There are six finalists that will be split between the first two festival screenings, so two winners will ultimately emerge. Each finalist will receive two ski lift tickets to Sunlight, and winners will earn a season pass. Perhaps even more coveted, though, is the prestigious Golden Boot Award.
“It’s kind of like an Oscar,” Hawks said of the golden spray-painted ski boots.
Audiences will also be able to walk away with swag, should members decide to bid on any of the items at the silent auction. And Tribble’s son Auston will be emceeing the events to add to the party vibe, he said.
“I’m really excited about it,” the recent University of Redlands graduate said. “It’s going to give me an opportunity, a unique one, to present myself and share my music.”
Adult tickets are $15 in advance (sunlightmtn.com) and $20 at the door. All proceeds will benefit True Media Foundation, which produces “edutainment” media that fosters a positive social impact. Its education arm works with middle- and high-school aged students to give them hands-on, real-world experience in video production and business.
“As you just start to integrate with all the media, you understand how to create an end product that is worth it, you know? I think it’s really worth it when you dig into what the story is,” Auston said of the organization’s ability to serve as both an educational and creative outlet for youth.
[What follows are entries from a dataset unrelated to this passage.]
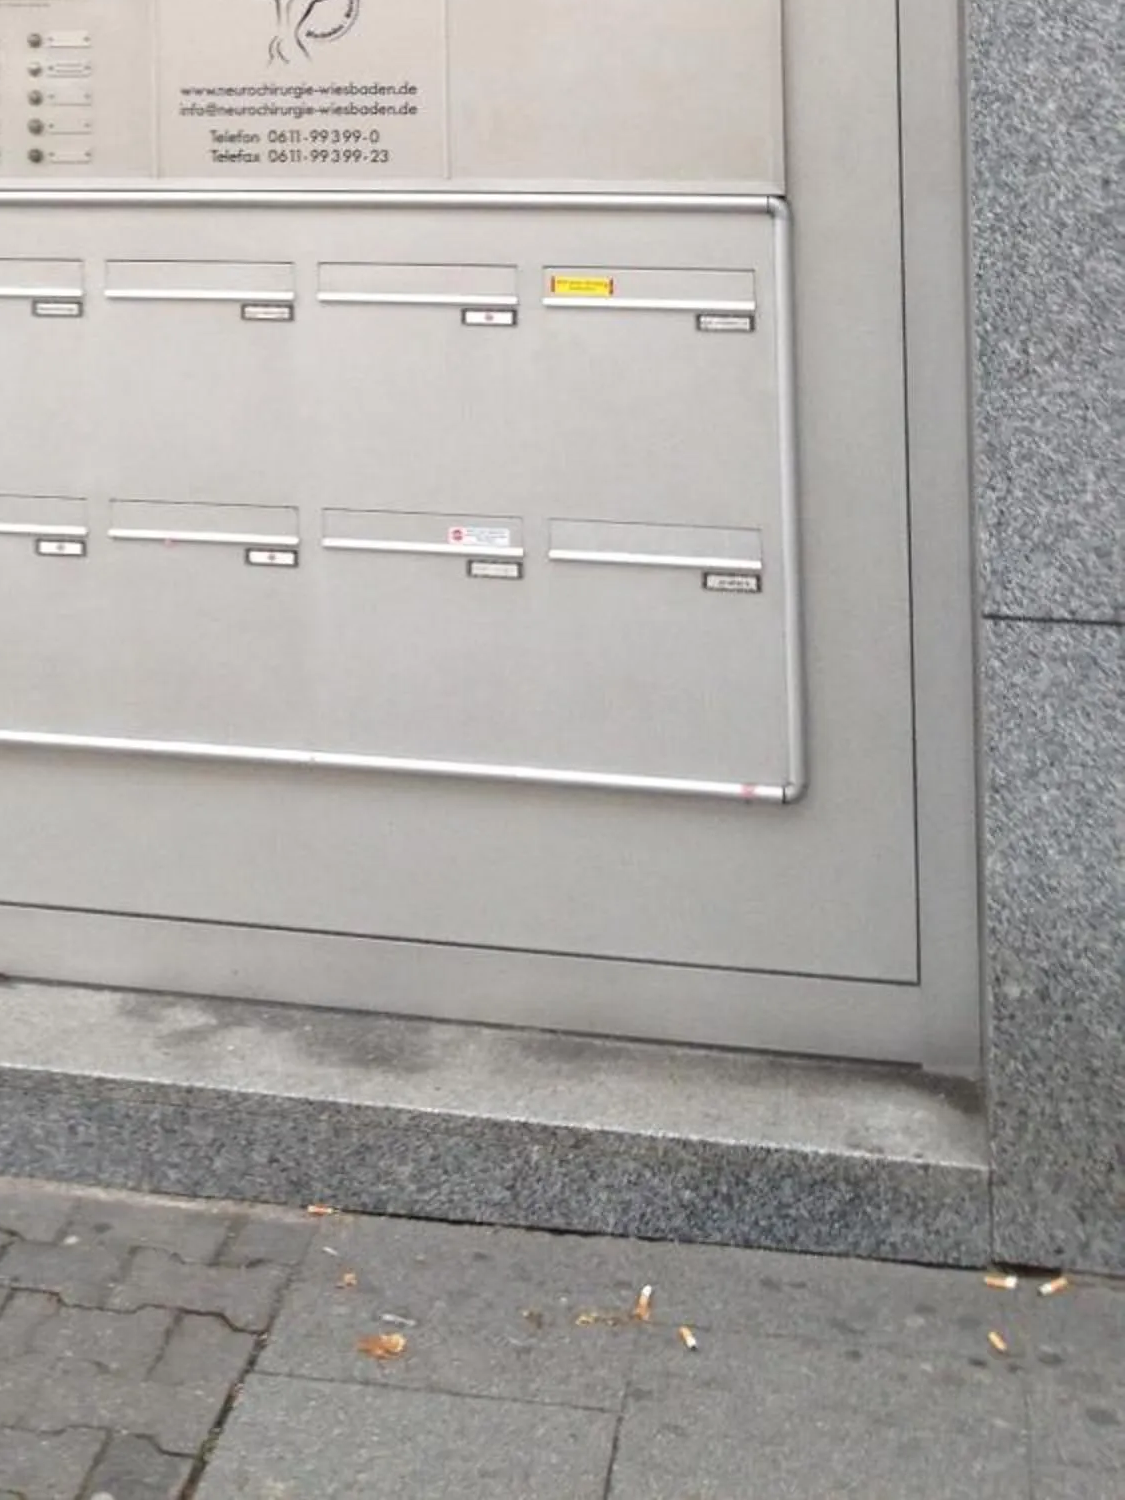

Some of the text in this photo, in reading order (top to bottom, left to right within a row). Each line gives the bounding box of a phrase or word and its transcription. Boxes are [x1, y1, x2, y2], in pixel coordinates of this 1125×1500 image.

[180, 81, 418, 99] www.neurochirurgie-wiesbaden.de
[179, 100, 418, 118] info@neurochirurgie-wiesbaden.de
[209, 129, 261, 144] Telefon
[209, 149, 261, 164] Telefax
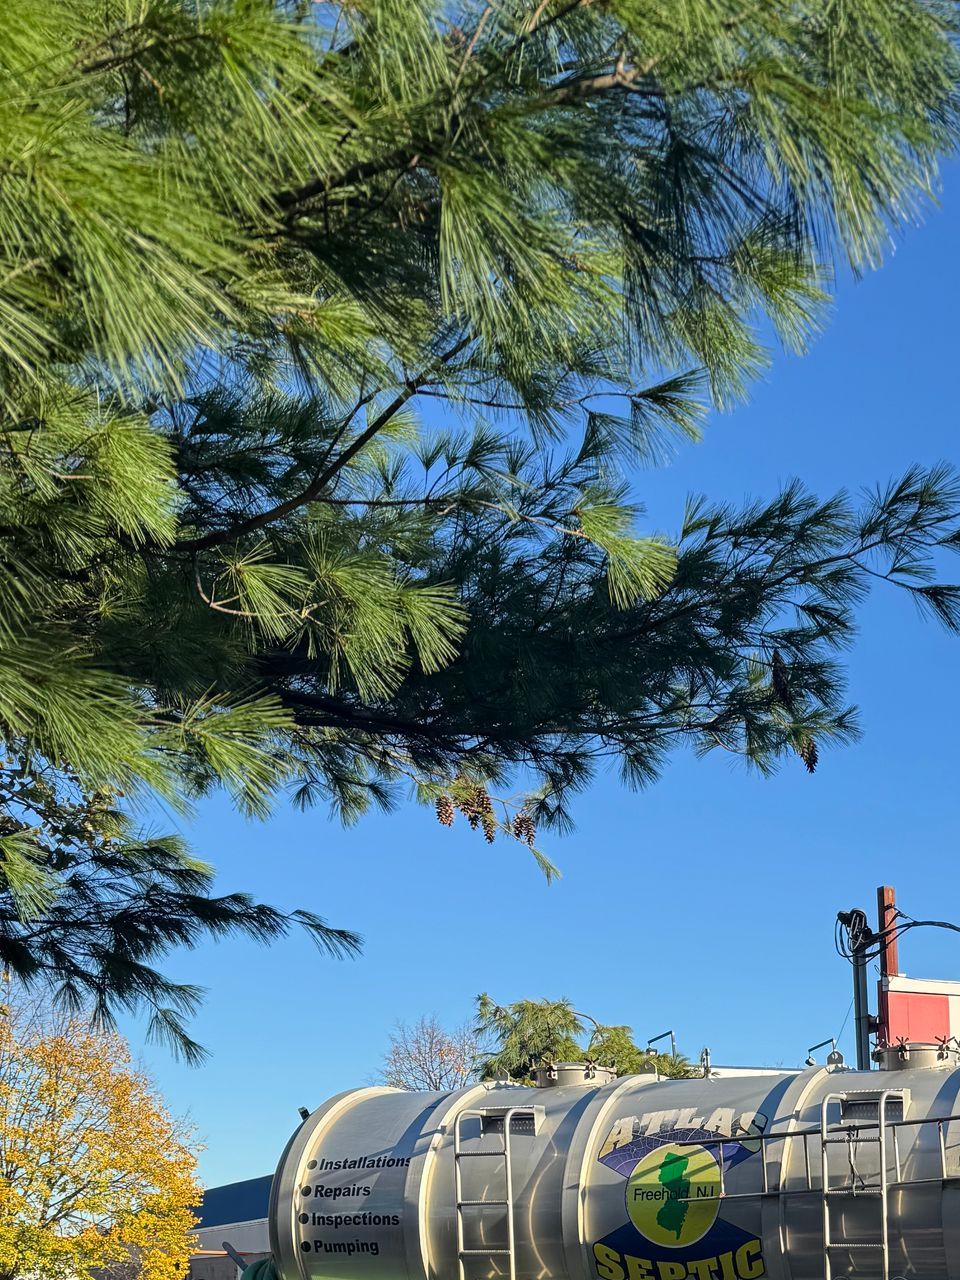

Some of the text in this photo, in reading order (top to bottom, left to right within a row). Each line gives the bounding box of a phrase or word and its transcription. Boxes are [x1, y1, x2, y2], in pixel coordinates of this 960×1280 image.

[598, 1107, 768, 1160] ATLAS
[319, 1156, 411, 1170] Installations
[314, 1184, 371, 1200] Repairs
[312, 1212, 400, 1229] Inspections
[313, 1239, 379, 1256] Pumping
True Media has worked with students in and out of the classroom in an array of programs, from its BE HEARD! livestream talk show to partnering with other local organizations like the Aspen Physics Center for their respective media needs. “Now [students are] learning not only about that nonprofit, but they’re learning about the business and the teamwork it takes to actually do something, to pull something off. It’s real-time stuff,” Chris said.
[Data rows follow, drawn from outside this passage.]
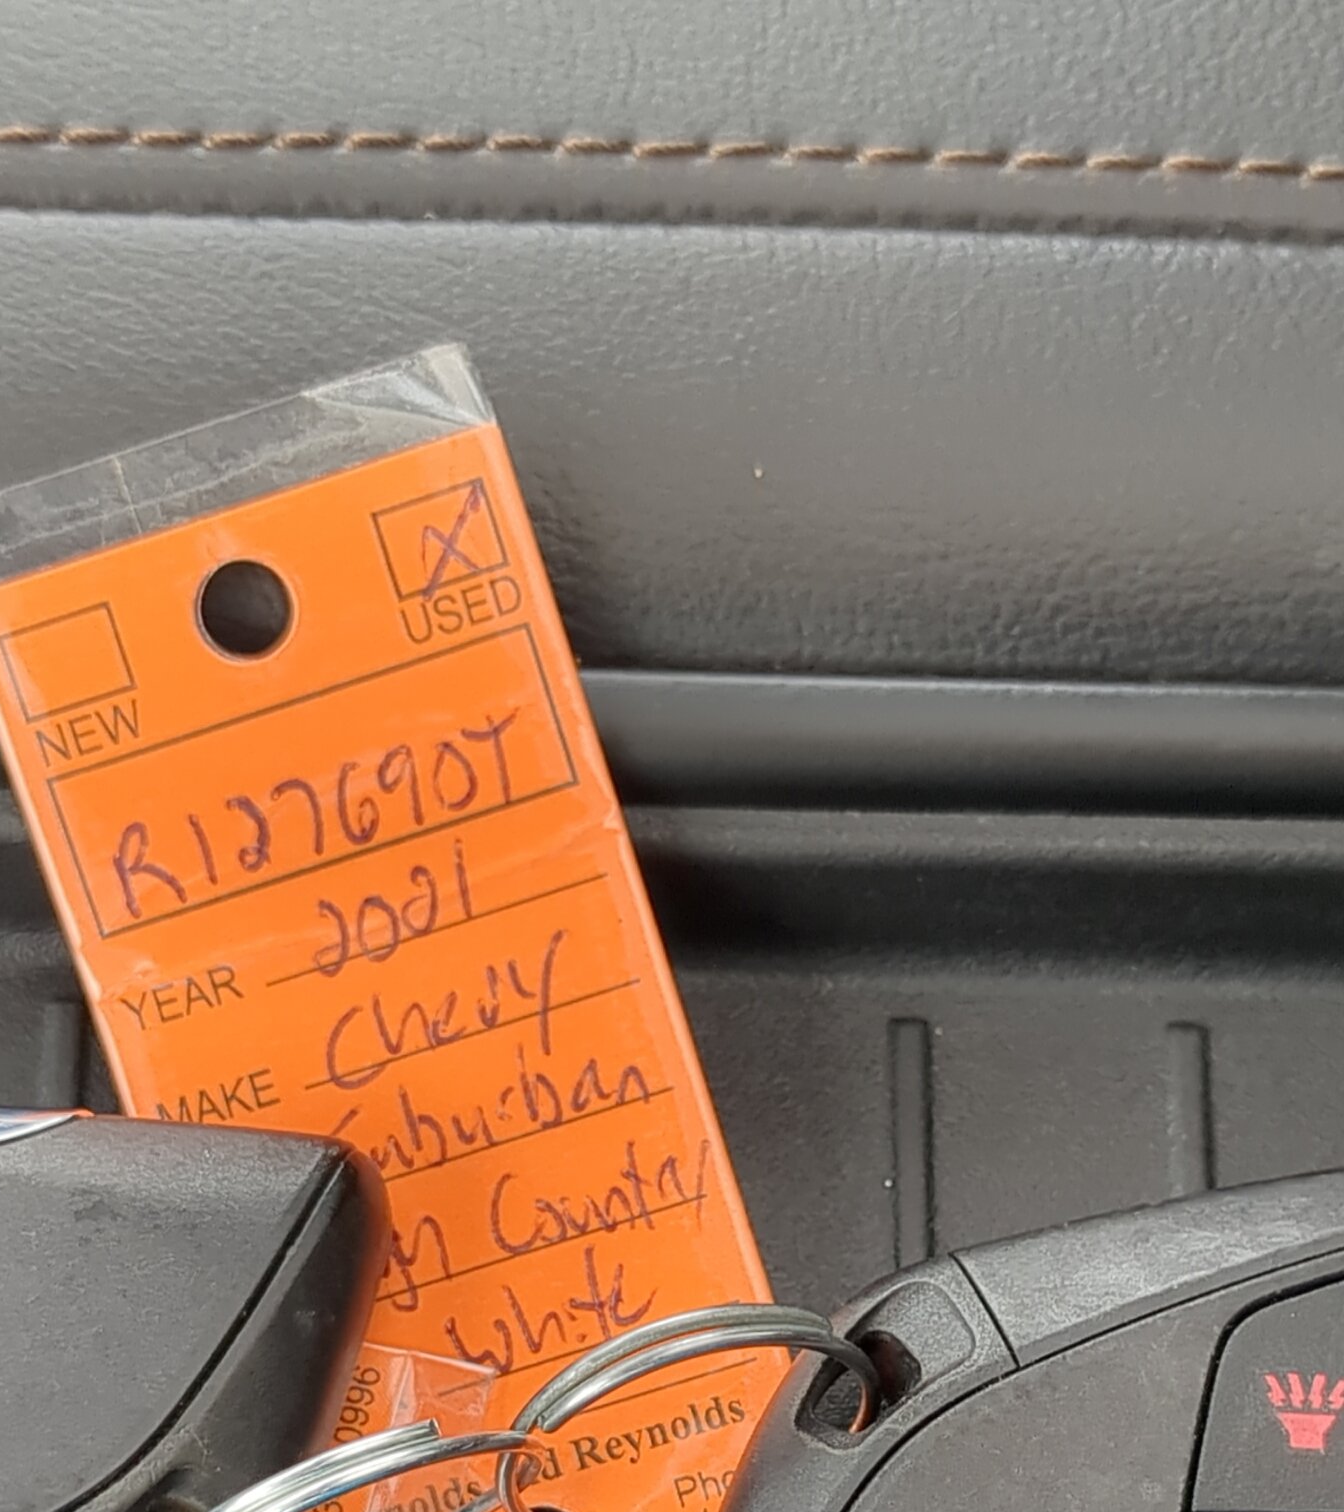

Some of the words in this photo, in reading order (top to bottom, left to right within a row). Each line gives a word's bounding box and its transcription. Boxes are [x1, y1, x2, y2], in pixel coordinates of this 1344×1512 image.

[400, 576, 522, 644] USED
[35, 700, 140, 768] NEW
[313, 838, 472, 977] 2021
[121, 965, 244, 1031] YEAR
[156, 1069, 281, 1122] MAKE
[330, 1042, 651, 1169] uburban
[568, 1396, 746, 1472] Reynolds
Now, the Tribbles are planning to take True Media’s show on the road, literally. “We’re building a mobile production unit,” Chris said of the bus that will house video and audio equipment that will allow for easier transportation between schools up and down the Valley.
“We’re very grateful to Sunlight,” Chris said, adding that Winter Stoke’s proceeds will mostly go toward funding the bus. “I think it’s really cool because we are focusing on the Valley, so when you see films, they’re done here. It kind of inspires the person that lives here to do the film.”